Yes, English is the MP for Clutha-Southland, and owns a family farm there. However, the crucial test as to whether it is his home comes in a question on a form issued by Parliamentary Services and leaked by the Labour Party last week.

It asks MPs claiming the housing allowance: "Is this residence the place that you would normally go to when you are not on parliamentary business?"

It is impossible to see how English could answer "yes" to that question. Of course, Labour is far from blameless. Its leader, Phil Goff, also rents out his Wellington apartment at a profit while claiming the housing allowance.

MP Chris Carter is one of Parliament's biggest spenders of our money, despite never having had portfolios that demand much travel.

And while most National MPs were at least prepared to defend their spending publicly, Labour MPs like Carter have run like a startled fawn from journalists all week.

However, the fact Labour has started chipping away at English is an important chink in the collective armour MPs have presented over their expenses.

Whether Labour smells English's blood over this or whether it simply senses a rising tide of public sentiment against the system is a moot point.

However, it appears change may finally be in the wind.

Prime Minister John Key has ordered an inquiry into ministerial housing allowances.

This was clever politics.

However, it appears this may not be going far enough. The sense of outrage is more widespread. All MPs' expenses need to be checked.

Key comes from a position of some strength on the issue.

He is new enough to Parliament still not to be hidebound by the system.

He paid off the mortgage on his two-bedroomed Wellington penthouse in 2007, which ended his ability to claim a housing allowance.

He does not rent it out at a profit to another MP.

Granted, Key is rich enough to be able to do this.

However, there doesn't seem to be much connection between MPs' needs and what they claim.
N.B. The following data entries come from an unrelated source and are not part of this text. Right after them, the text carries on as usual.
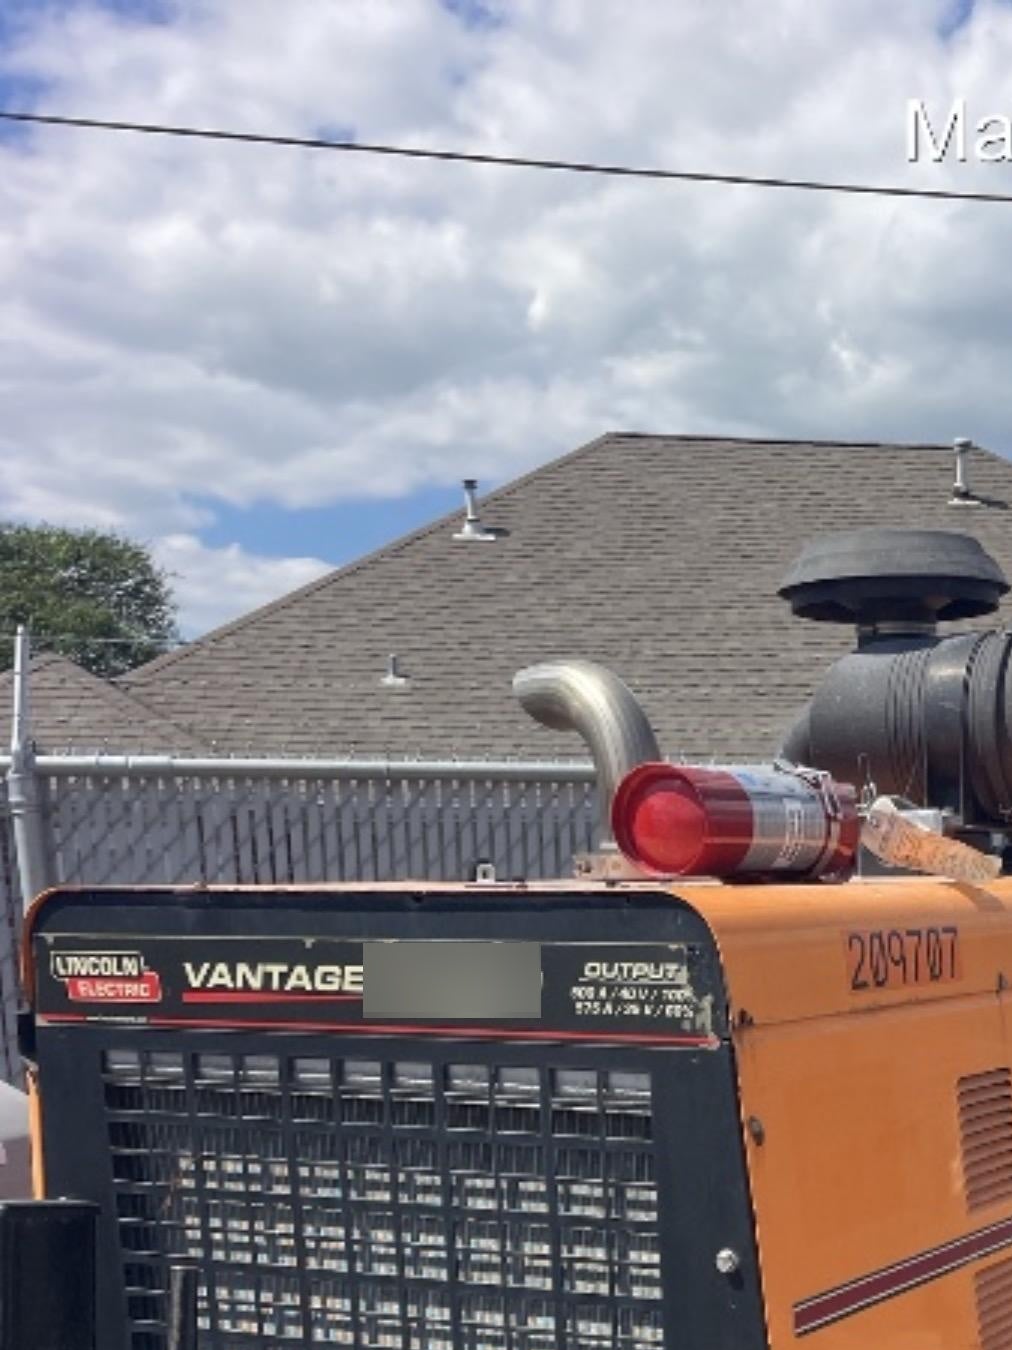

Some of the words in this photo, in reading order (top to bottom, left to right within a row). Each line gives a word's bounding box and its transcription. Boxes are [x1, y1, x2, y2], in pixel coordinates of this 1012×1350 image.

[56, 956, 139, 976] LINCOLN
[847, 927, 957, 991] 209707
[184, 961, 363, 992] VANTAGE
[584, 961, 680, 979] OUTPUT
[77, 980, 151, 998] ELECTRIC
After all, English is not exactly hard up either.

Instituting a new, fair, transparent system would make Key unpopular with some colleagues, but the public would love him for it.

And surely it can't be that hard.

Few would begrudge MPs who live outside Wellington a bed for the night when on duty in the capital.

However, there is a big difference between that and feathering their own apartments for pecuniary gain.

The simplest thing to do would be to give all MPs (except ministers) the price of a mid- range hotel room (about $160) for each night they spent in Wellington.

If they wished to buy or rent apartments, it would be at their own cost.

Ministers could live in homes either owned or rented by the Crown.

If any received rental income from apartments owned in Wellington, it would be used to offset the cost.

Ending all travel perks for former MPs and their partners (about 260 of them at last count) would provoke no tears whatsoever beyond those concerned.

They have had their share of the public's generosity.

Finally, complete transparency, including publication of the travel expenses of MPs' and their partners, and the nature of the journey, would almost certainly see a marked decrease in the amount being claimed from the taxpayer.

Politicians have long ranked at the bottom of public estimation (alongside journalists, incidentally) and there are reasons for this.

If ever there was an opportunity to raise the esteem in which MPs are held, a radical overhaul of the expenses system would be it.